DATA EXTRACTS: Begin
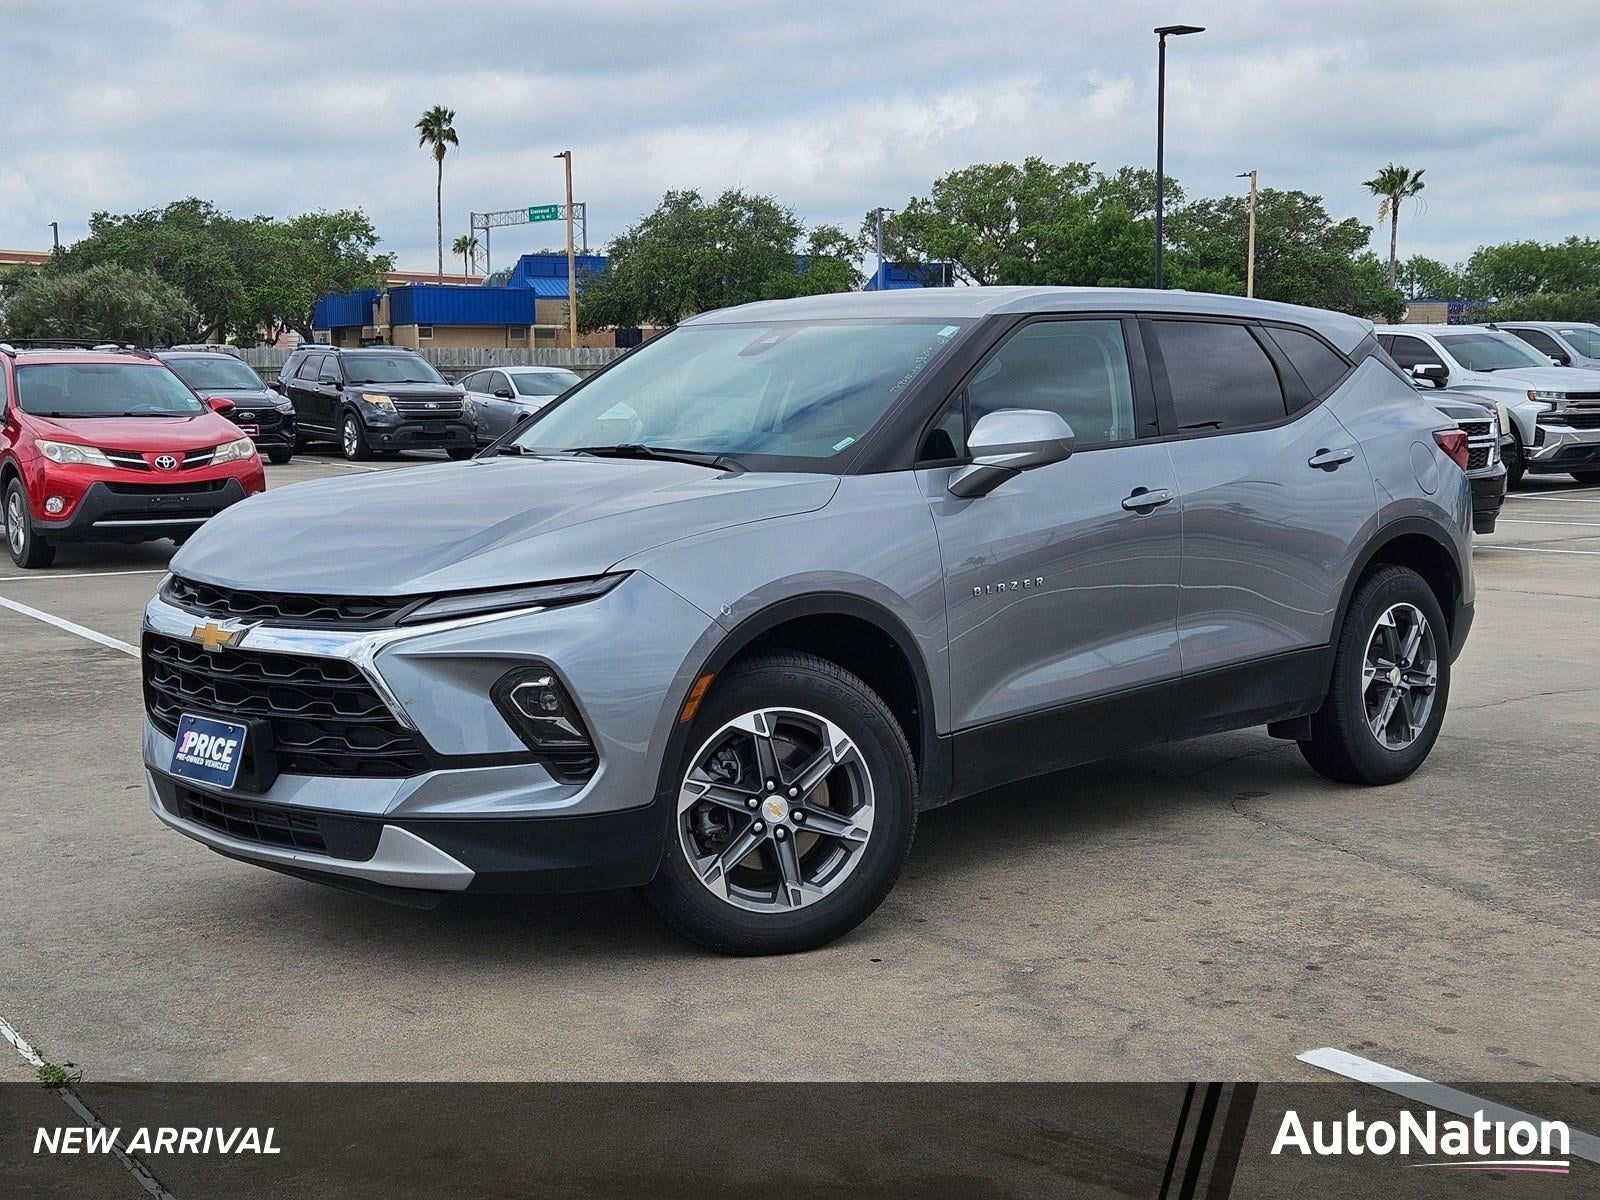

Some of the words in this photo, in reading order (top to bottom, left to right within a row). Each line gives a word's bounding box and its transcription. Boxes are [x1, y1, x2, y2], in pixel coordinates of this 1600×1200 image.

[973, 577, 1044, 597] BLAZER
[176, 753, 204, 765] PRE-OWNED
[204, 759, 230, 771] VEHICLES
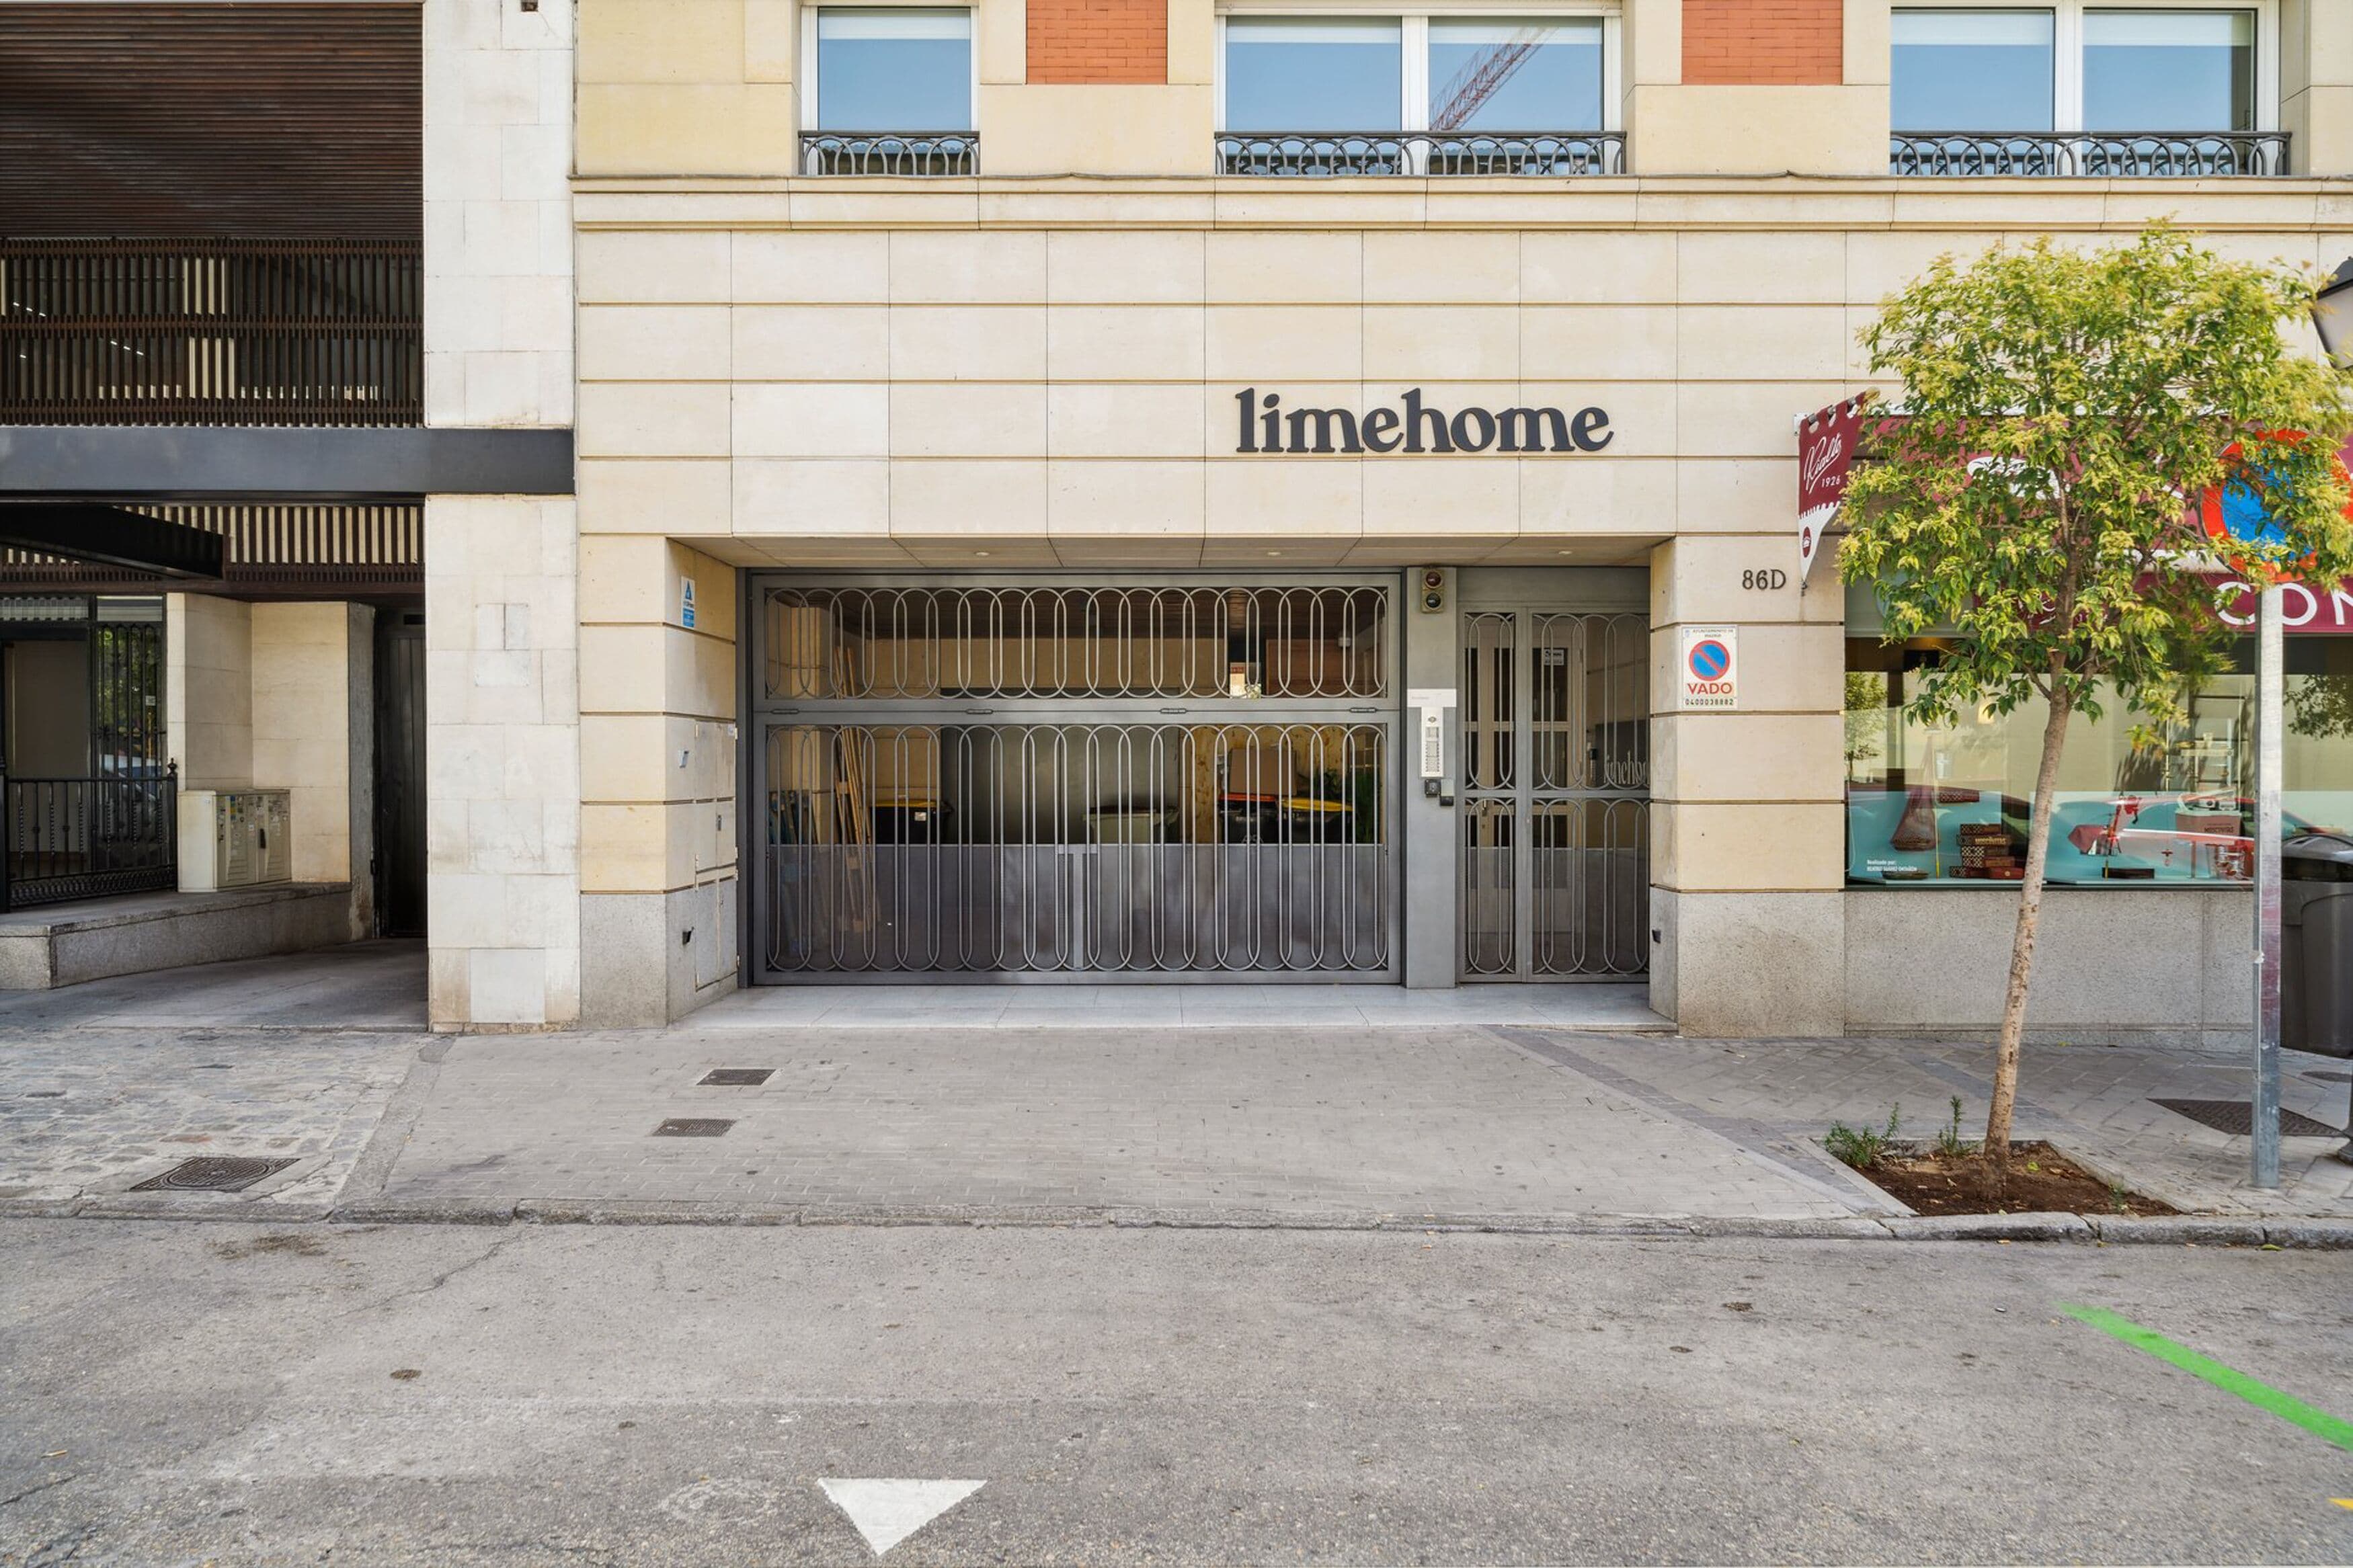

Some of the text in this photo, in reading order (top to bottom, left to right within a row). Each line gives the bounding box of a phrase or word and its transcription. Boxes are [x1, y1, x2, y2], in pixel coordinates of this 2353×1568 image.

[1235, 387, 1614, 453] limehome
[1822, 475, 1841, 488] 1926
[1742, 569, 1786, 590] 86D
[1687, 682, 1732, 695] VADO
DATA EXTRACTS: End
TASK STATEMENT → Set the preceding data down again word for word, omitting images.

RESULT OF THE EXERCISE →
Some of the words in this photo, in reading order (top to bottom, left to right within a row). Each line gives a word's bounding box and its transcription. Boxes are [x1, y1, x2, y2], in pixel coordinates of this 1600×1200 image.

[973, 577, 1044, 597] BLAZER
[176, 753, 204, 765] PRE-OWNED
[204, 759, 230, 771] VEHICLES

Some of the text in this photo, in reading order (top to bottom, left to right within a row). Each line gives the bounding box of a phrase or word and its transcription. Boxes are [x1, y1, x2, y2], in pixel coordinates of this 2353×1568 image.

[1235, 387, 1614, 453] limehome
[1822, 475, 1841, 488] 1926
[1742, 569, 1786, 590] 86D
[1687, 682, 1732, 695] VADO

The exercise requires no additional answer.